### WHAT YOU ARE ASKED TO DO
Would you please return the line containing "Some of the words" and all the lines after it through the end of the records below, unchanged and on their own?

*** EXERCISE DATA ***

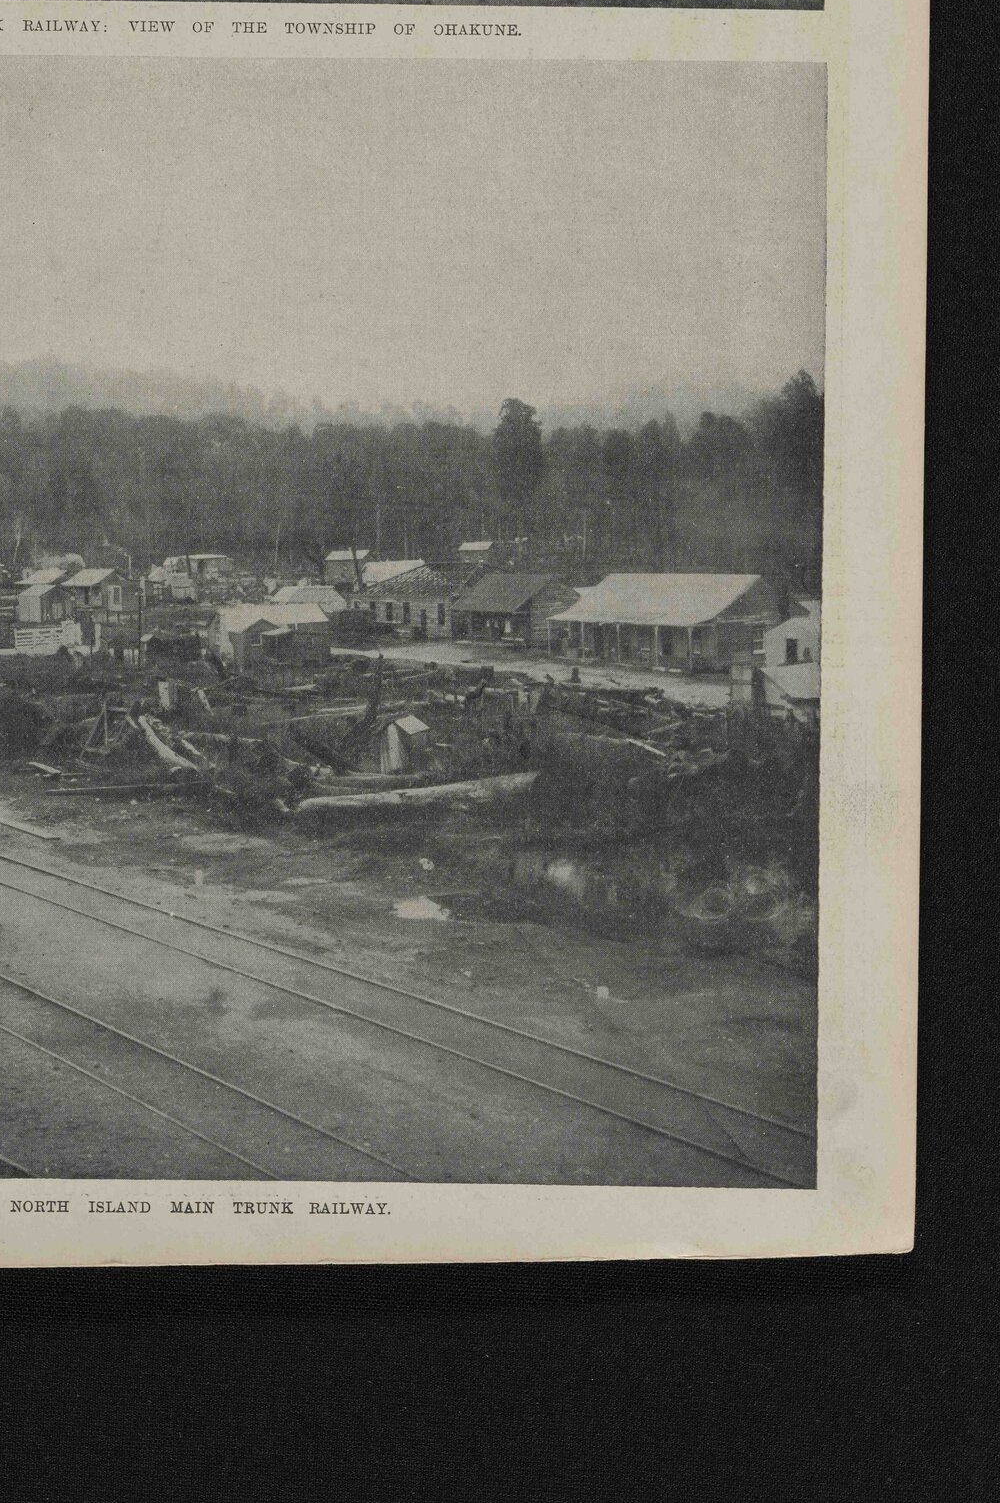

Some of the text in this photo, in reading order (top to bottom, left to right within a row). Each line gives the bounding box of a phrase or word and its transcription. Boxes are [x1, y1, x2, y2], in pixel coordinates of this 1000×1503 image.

[23, 20, 108, 32] RAILWAY:
[129, 21, 175, 32] VIEW
[192, 22, 214, 33] OF
[232, 22, 267, 33] THE
[285, 23, 376, 34] TOWNSHIP
[394, 24, 415, 35] OF
[434, 24, 522, 36] OHAKUNE.
[10, 1201, 69, 1212] NORTH
[89, 1201, 150, 1213] ISLAND
[170, 1201, 215, 1214] MAIN
[233, 1202, 294, 1214] TRUNK
[309, 1203, 391, 1215] RAILWAY.
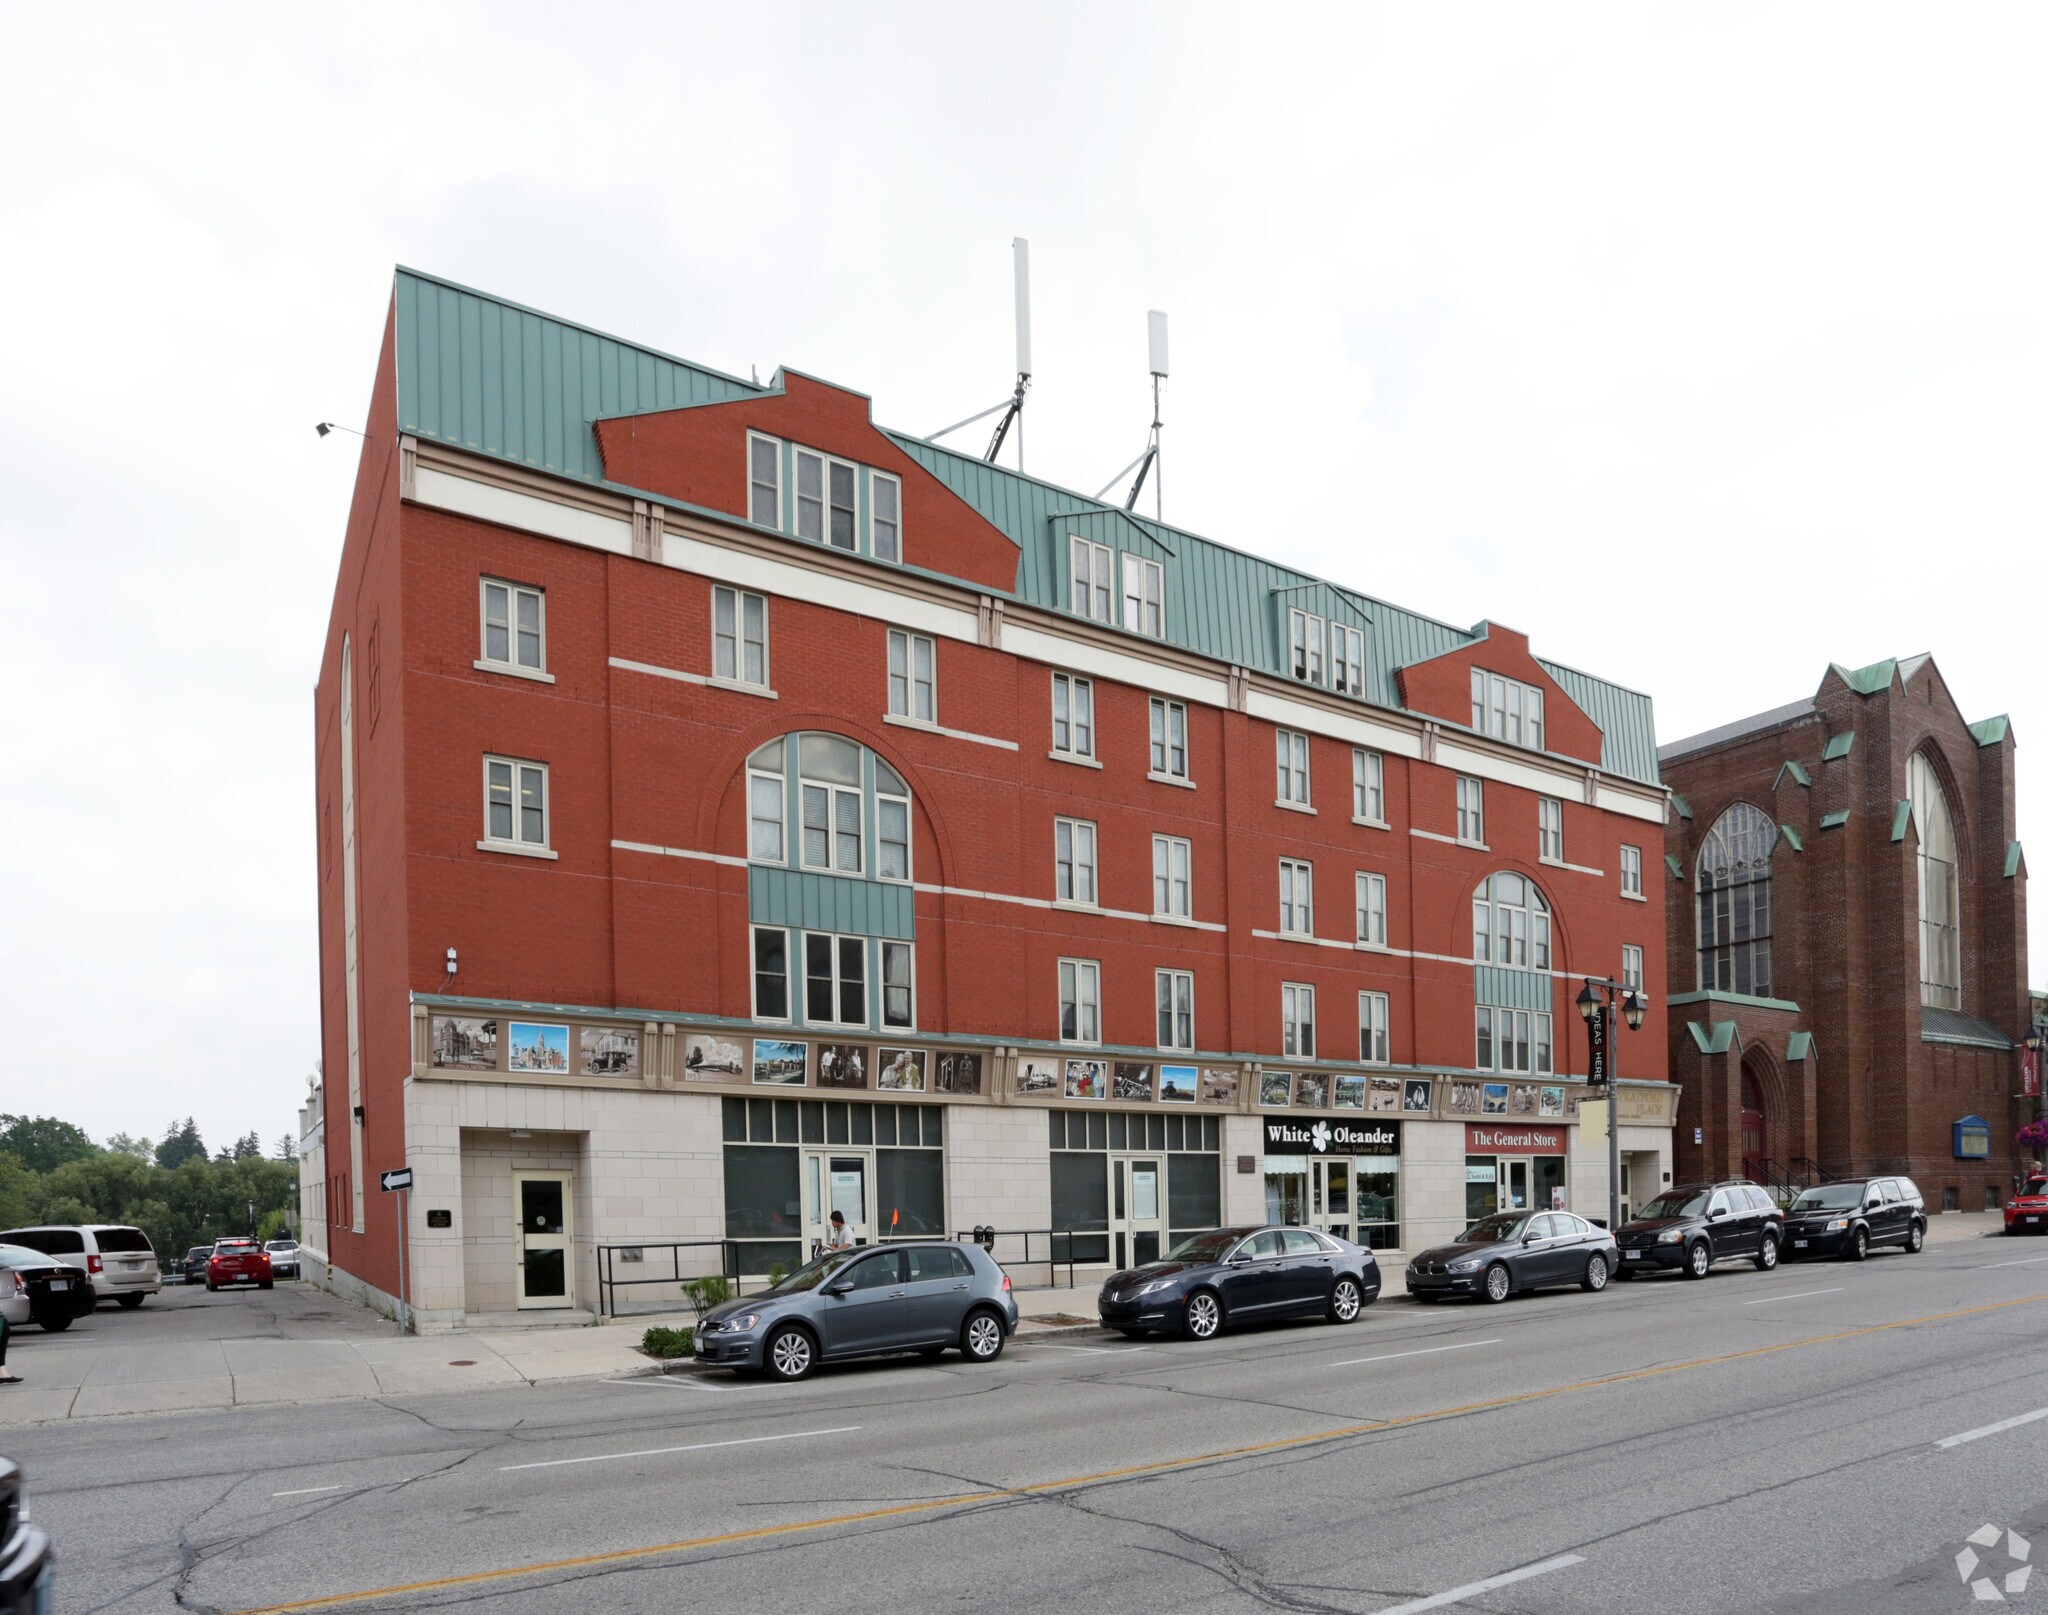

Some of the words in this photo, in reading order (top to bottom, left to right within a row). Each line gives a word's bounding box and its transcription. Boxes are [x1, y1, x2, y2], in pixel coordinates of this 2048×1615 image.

[1594, 1052, 1602, 1081] HERE
[1617, 1090, 1663, 1103] TRATFORD
[1636, 1103, 1663, 1115] PLACE
[1268, 1125, 1311, 1142] White
[1334, 1127, 1394, 1143] Oleander
[1473, 1131, 1491, 1146] The
[1494, 1131, 1531, 1146] General
[1534, 1132, 1557, 1147] Store
[1335, 1145, 1351, 1153] Home
[1352, 1145, 1372, 1153] Fashion
[1374, 1145, 1379, 1153] &
[1380, 1145, 1393, 1155] Gifts

***

### SOLUTION FOR THIS TASK
Some of the words in this photo, in reading order (top to bottom, left to right within a row). Each line gives a word's bounding box and its transcription. Boxes are [x1, y1, x2, y2], in pixel coordinates of this 2048×1615 image.

[1594, 1052, 1602, 1081] HERE
[1617, 1090, 1663, 1103] TRATFORD
[1636, 1103, 1663, 1115] PLACE
[1268, 1125, 1311, 1142] White
[1334, 1127, 1394, 1143] Oleander
[1473, 1131, 1491, 1146] The
[1494, 1131, 1531, 1146] General
[1534, 1132, 1557, 1147] Store
[1335, 1145, 1351, 1153] Home
[1352, 1145, 1372, 1153] Fashion
[1374, 1145, 1379, 1153] &
[1380, 1145, 1393, 1155] Gifts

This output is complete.